Intubation Setting, Aspiration, and Ventilator-Associated Conditions

Steven Talbert, PhD, RN; Christine Wargo Detrick, MSN, RN; Kimberly Emery, BSN, RN; Aurea Middleton, BSN, RN; Bassam Abomoelak, PhD, MSc, MT(AAB); Chirajyoti Deb, MSc, PhD; Devendra I. Mehta, MD; Mary Lou Sole, PhD, RN, CCNS, CNL


Am J Crit Care. 2020;29(5):371-378. 

In This Article

Abstract and Introduction


Background: Patients experience endotracheal intubation in various settings with wide-ranging risks for postintubation complications such as aspiration and ventilator-associated conditions.

Objectives: To evaluate associations between intubation setting, presence of aspiration biomarkers, and clinical outcomes.
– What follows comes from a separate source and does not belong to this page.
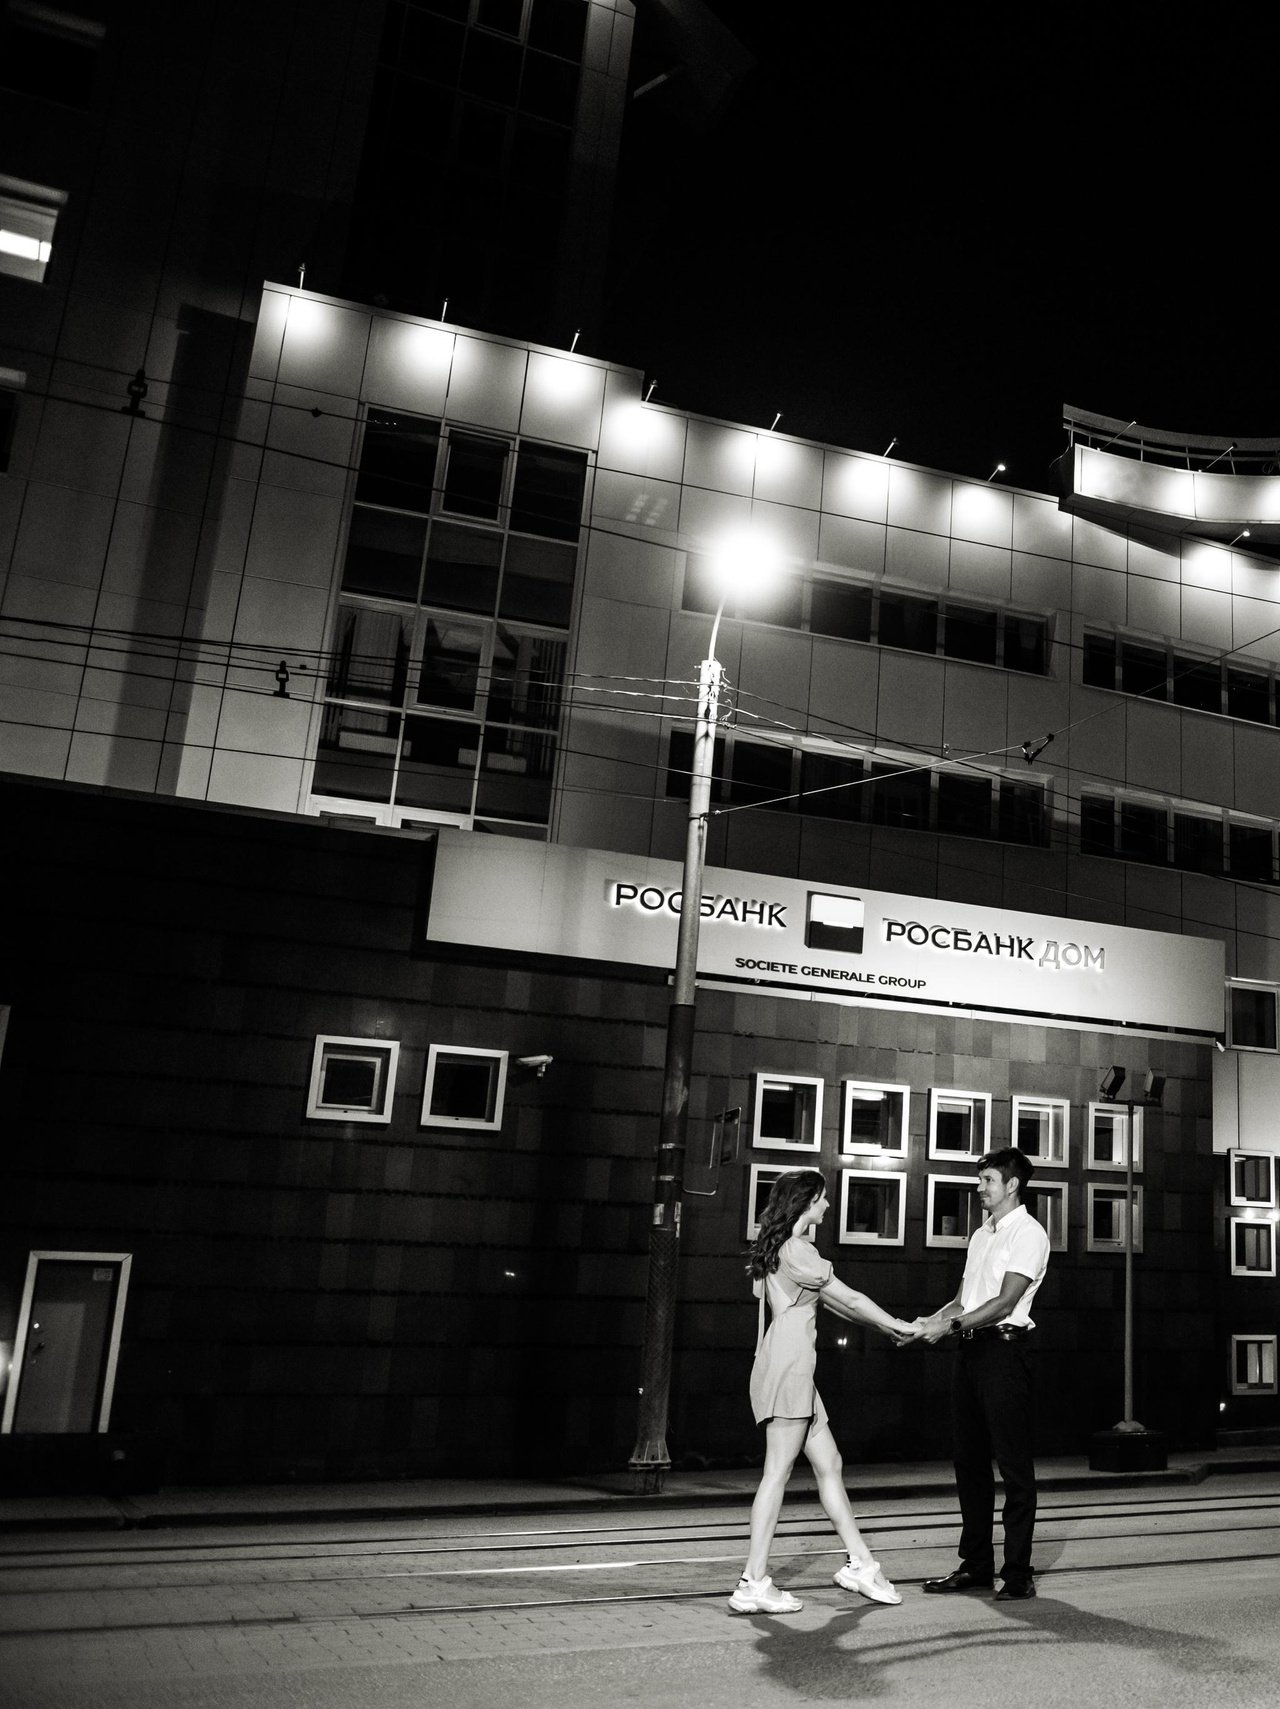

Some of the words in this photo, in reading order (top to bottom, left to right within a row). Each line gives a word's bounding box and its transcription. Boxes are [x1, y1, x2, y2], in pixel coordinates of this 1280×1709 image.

Methods: This study is a subanalysis of data from the NO-ASPIRATE single-blinded randomized clinical trial. Data were prospectively collected for 513 adult patients intubated within 24 hours of enrollment. Patients with documented aspiration events at intubation were excluded. In the NO-ASPIRATE trial, intervention patients received enhanced oropharyngeal suctioning every 4 hours and control patients received sham suctioning. Tracheal specimens for α-amylase and pepsin tests were collected upon enrollment. Primary outcomes were ventilator hours, lengths of stay, and rates of ventilator-associated conditions.
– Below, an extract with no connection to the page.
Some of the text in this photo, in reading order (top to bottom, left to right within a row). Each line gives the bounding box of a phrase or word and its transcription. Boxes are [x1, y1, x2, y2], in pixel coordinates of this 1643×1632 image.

Results: Of the baseline tracheal specimens, 76.4% were positive for α-amylase and 33.1% were positive for pepsin. Proportions of positive tracheal α-amylase and pepsin tests did not differ significantly between intubation locations (study hospital, transfer from other hospital, or field intubation). No differences were found for ventilator hours or lengths of stay. Patients intubated at another hospital and transferred had significantly higher ventilator-associated condition rates than did those intubated at the study hospital (P = .02). Ventilator-associated condition rates did not differ significantly between patients intubated in the field and patients in other groups.

Conclusions: Higher ventilator-associated condition rates associated with interhospital transfer may be related to movement from bed, vehicle loading and unloading, and transport vehicle vibrations. Airway assessment and care may also be suboptimal in the transport environment.


Oral endotracheal intubation is performed in a variety of settings with different airway access complexities. Operating room intubations are usually more controlled, whereas emergency department and prehospital (field) intubations are more urgent and less controlled. Environmental conditions, lighting, and the working space further complicate oral endotracheal intubation and airway management in the prehospital and interfacility transfer environments.[1–3]

Oral endotracheal intubation is not without risks, with aspiration being one of the most common risks.[4–7] Clinical complications associated with aspiration include ventilator-associated conditions (VACs) and ventilator-associated pneumonia, which are leading causes of increased morbidity and mortality in critically ill patients.[4,8,9] Detection of aspiration events is often difficult. One emerging technique is analyzing tracheal secretions for α-amylase (an oral digestive enzyme) and pepsin A (a gastric digestive enzyme).[10–13] The presence of these enzymes may reflect aspiration events in which microbes, acids, and other oral and gastric contents enter the lungs.

Emerging techniques for detecting aspiration include analyzing tracheal secretions for α-amylase and pepsin A.

Studies evaluating associations between tracheal α-amylase or pepsin levels and clinical outcomes following prehospital intubation are limited,[4] and no published studies have examined these biomarkers in patients experiencing interfacility transport. Differences in urgency and intubation circumstances of the prehospital setting and the environmental conditions associated with interfacility transport may put patients intubated in these settings at greater risk for aspiration and aspiration-associated complications. The purpose of this study was to evaluate the association between the presence of aspiration biomarkers and clinical outcomes in patients intubated in different settings.